● **Problem description**
An exact, complete printout of the listing is wanted, minus its images.
***** Exercise inputs
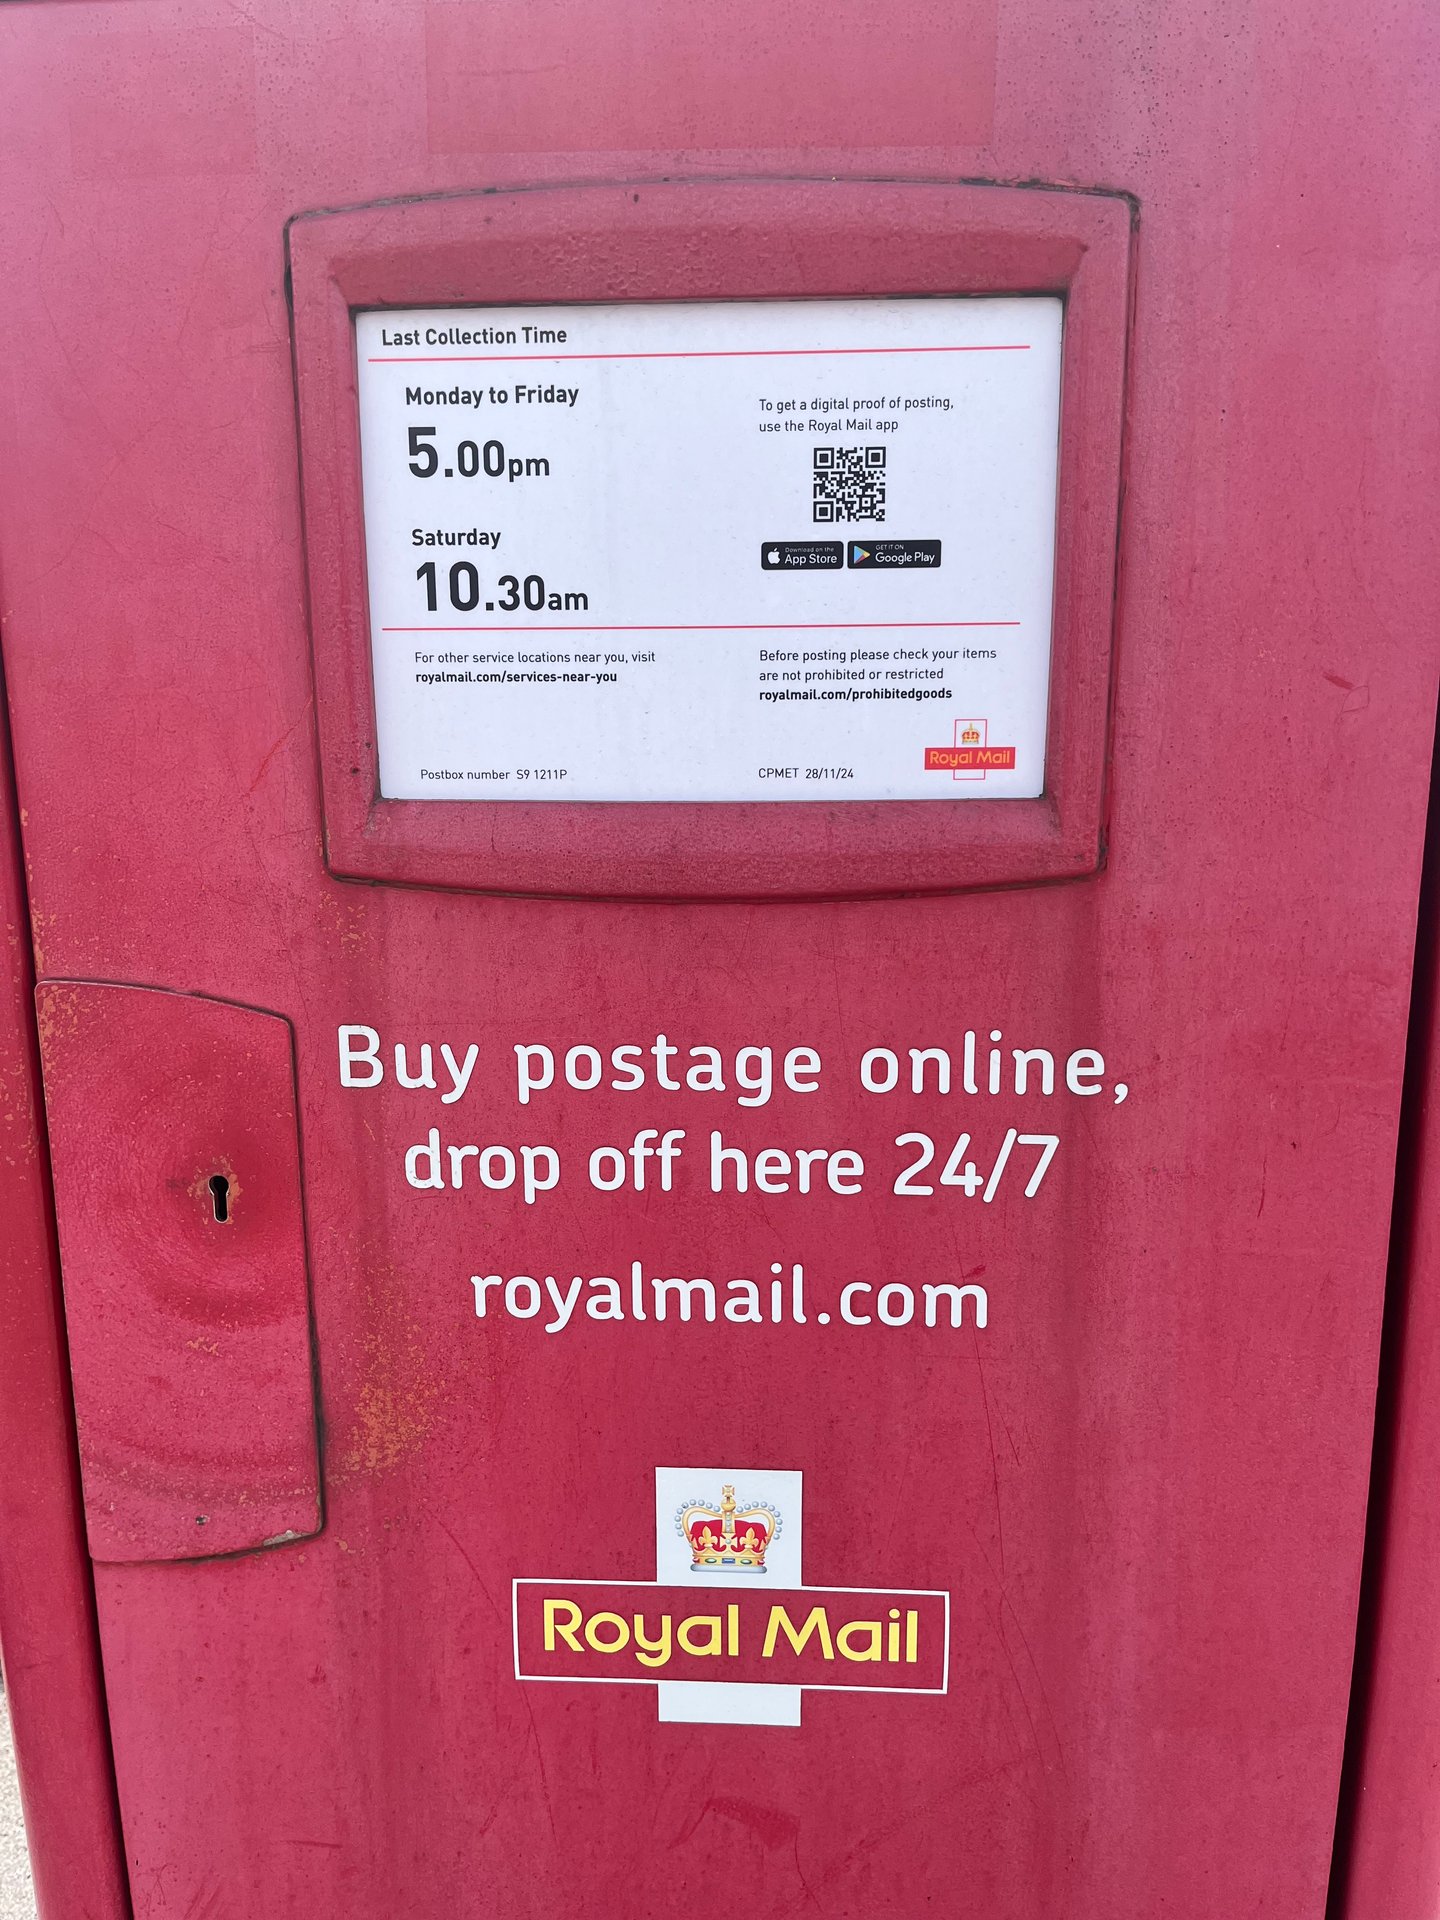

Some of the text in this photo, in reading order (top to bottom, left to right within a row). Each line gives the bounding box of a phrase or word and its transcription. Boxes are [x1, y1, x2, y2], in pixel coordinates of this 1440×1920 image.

[382, 326, 568, 346] Last Collection Time
[405, 384, 580, 409] Monday to Friday
[759, 396, 954, 414] To get a digital proof of posting,
[759, 418, 899, 434] use the Royal Mail app
[407, 426, 550, 483] 5.00pm
[411, 528, 501, 550] Saturday
[784, 553, 838, 566] App Store
[875, 551, 936, 565] Google Play
[416, 561, 589, 612] 10.30am
[414, 651, 656, 665] For other service locations near you, visit
[759, 648, 997, 663] Before posting please check your items
[415, 670, 617, 685] royalmail.com/services-near-you
[759, 668, 944, 683] are not prohibited or restricted
[759, 687, 953, 703] royalmail.com/prohibitedgoods
[929, 750, 1010, 767] Royal Mail
[420, 769, 567, 780] Postbox number S9 1211P
[758, 767, 854, 780] CPMET 28/11/24
[338, 1025, 1129, 1107] Buy postage online,
[404, 1128, 1061, 1204] drop off here 24/7
[470, 1261, 988, 1333] royalmail.com
[543, 1598, 918, 1667] Royal Mail
**********
● **Solved problem**
Some of the text in this photo, in reading order (top to bottom, left to right within a row). Each line gives the bounding box of a phrase or word and its transcription. Boxes are [x1, y1, x2, y2], in pixel coordinates of this 1440×1920 image.

[382, 326, 568, 346] Last Collection Time
[405, 384, 580, 409] Monday to Friday
[759, 396, 954, 414] To get a digital proof of posting,
[759, 418, 899, 434] use the Royal Mail app
[407, 426, 550, 483] 5.00pm
[411, 528, 501, 550] Saturday
[784, 553, 838, 566] App Store
[875, 551, 936, 565] Google Play
[416, 561, 589, 612] 10.30am
[414, 651, 656, 665] For other service locations near you, visit
[759, 648, 997, 663] Before posting please check your items
[415, 670, 617, 685] royalmail.com/services-near-you
[759, 668, 944, 683] are not prohibited or restricted
[759, 687, 953, 703] royalmail.com/prohibitedgoods
[929, 750, 1010, 767] Royal Mail
[420, 769, 567, 780] Postbox number S9 1211P
[758, 767, 854, 780] CPMET 28/11/24
[338, 1025, 1129, 1107] Buy postage online,
[404, 1128, 1061, 1204] drop off here 24/7
[470, 1261, 988, 1333] royalmail.com
[543, 1598, 918, 1667] Royal Mail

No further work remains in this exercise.